The best way of reassuring yourself and have the opportunity to fix an hypotetic problem is talking to your manager. Something like "OK, I've been here for a few months, and I would like to discuss what you think of my work so far. I have the feeling things are going great. Is there any way you would like me to improve?" is not only perfectly acceptable for your manager, but it will make you look motivated and willing to give your best.

To sum up : don't be too hard on yourself. You're new at your job, and you'll get better at it. Just work hard, show good will, and there's no reason why anything would go wrong.


If there is an issue with people asking, the issue has usually more to do with how they ask than what they ask. I am sure that you are considerate, so your asking should not be an issue with most individuals.

Nobody expects you to be an instant expert and I believe that, as responsible professionals, your co-workers should encourage you to ask questions: having to put up with a seemingly stupid question beats to having to clean up a truly stupid outcome any day of the week. As long as you are confident that your questions are relevant and getting the answers will save you from going in circles chasing your own tail, you are entitled to ask the questions.

If it's any consolation to you, if you didn't ask these dumb questions, you'd be making even more silly mistakes than you are making. And you'd be soaking up a bunch of extra time trying to figure out how to make the silly mistakes that you avoided making by asking these dumb questions in the first place.
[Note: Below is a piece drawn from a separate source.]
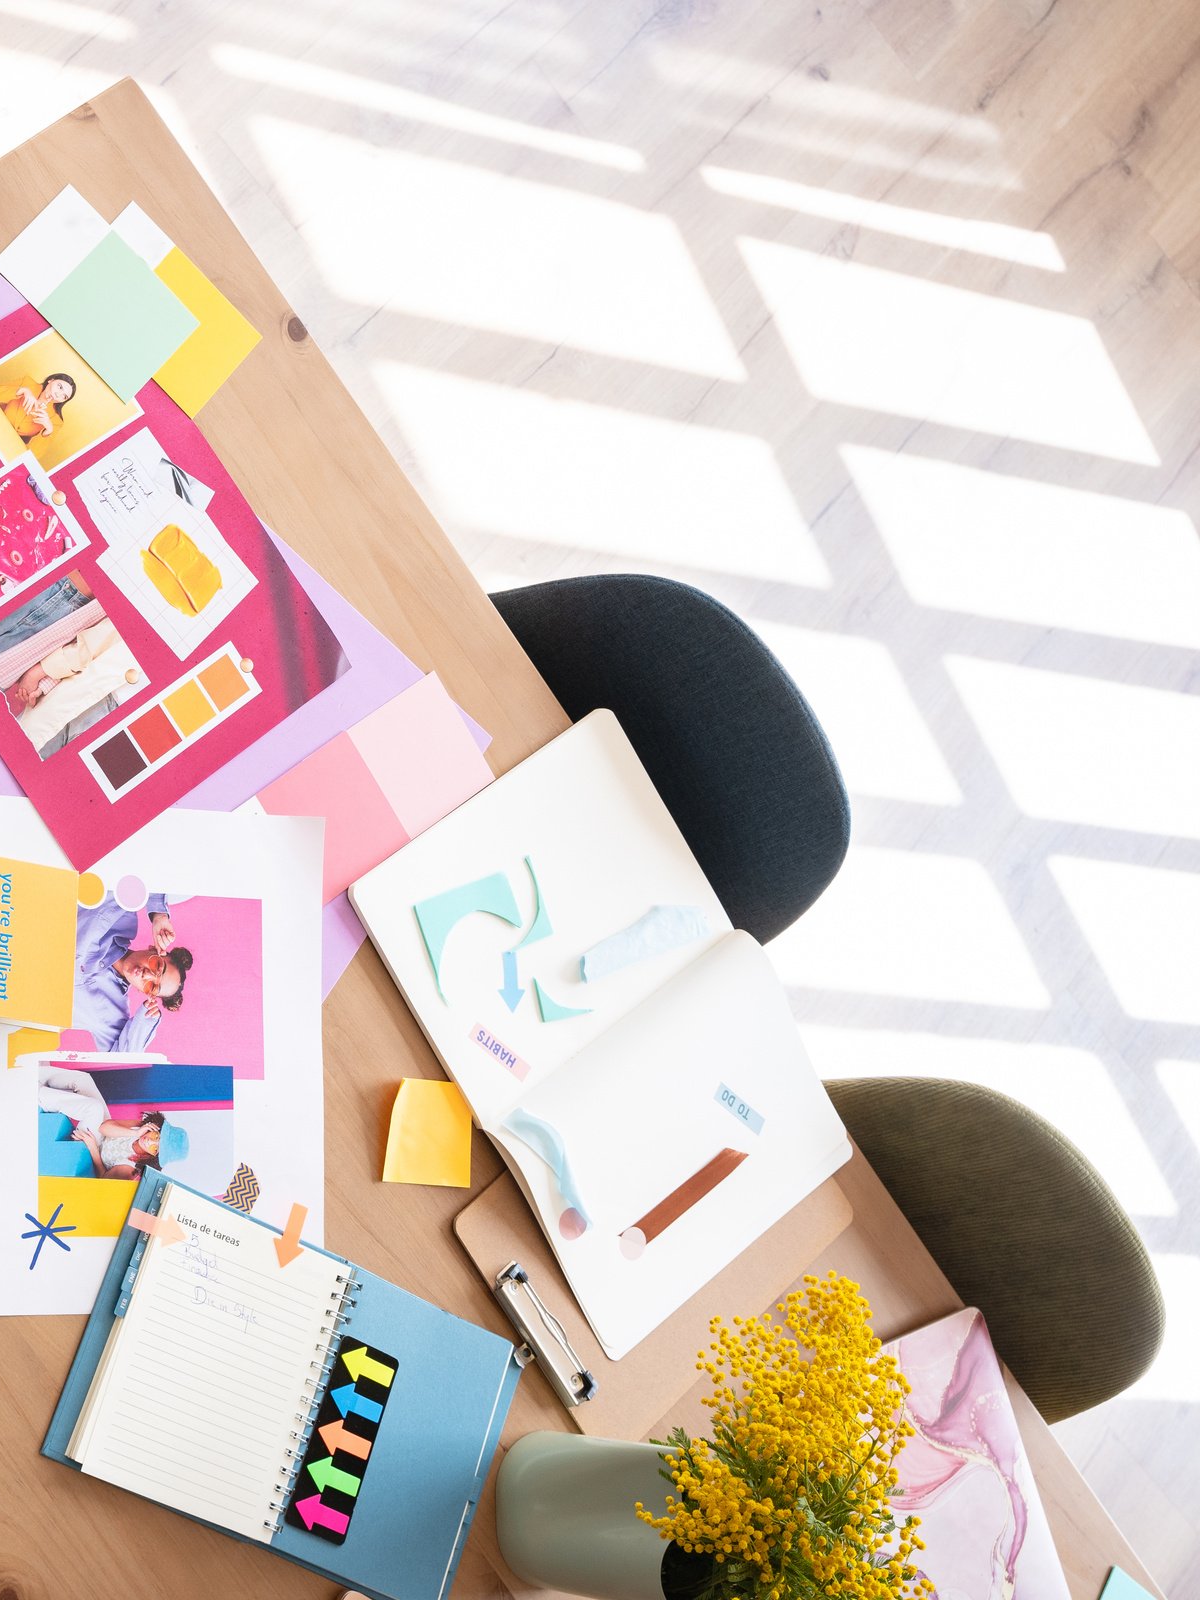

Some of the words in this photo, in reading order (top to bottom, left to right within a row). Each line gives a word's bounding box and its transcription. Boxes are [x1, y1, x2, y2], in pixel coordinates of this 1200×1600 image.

A dumb question is not a dumb question when getting the answer pre-empts a negative outcome.

Be careful about asking your colleagues for "proper training" - you might be in an awkward situation if they have have none available and you don't want to give the less imaginative among them the idea that "proper training" is boot you out the door and back to school. I would say that simply asking questions and getting better at what you are doing, one day at the time, is the way to go.

I usually front load my stay at any company by getting rid of the dumb questions as early and as quickly as possible. While the immediate impact on my image is somewhat negative, it sets a lower bar for initial expectations, which makes it easier and faster for me to exceed them :)


Just as a partial answer: Every time you run into a situation where you don't know how to proceed directly (which will happen all the time even twenty years from now), and you figure out how to proceed by looking it up, or by asking your colleagues, think if it would be useful to spend some time learning a whole related area more properly. If that is the case, you could ask your manager for permission and spend say half a day or whatever time is needed learning about that area of expertise, not just to solve your immediate problem but to learn further.


With your context description and wordings like junior, dumb and silly you paint a picture in your mind where there is a hierarchical difference between you and the others. However, the only difference is expertise in a specific knowledge domain.

Assuming in college you've learned how to learn, the answer is just to apply those lessons in the workplace. And become a better learner by learning. You can apply learning 24/7, inside the office, outside, in the weekend, anytime.

It's been said that the best way of learning is teaching. In a work situation this means: Explain your solutions to problems to your peers, colleagues, clients. That forces you to be prepared and do your homework, and then face the feedback. And do it again, and again, and again.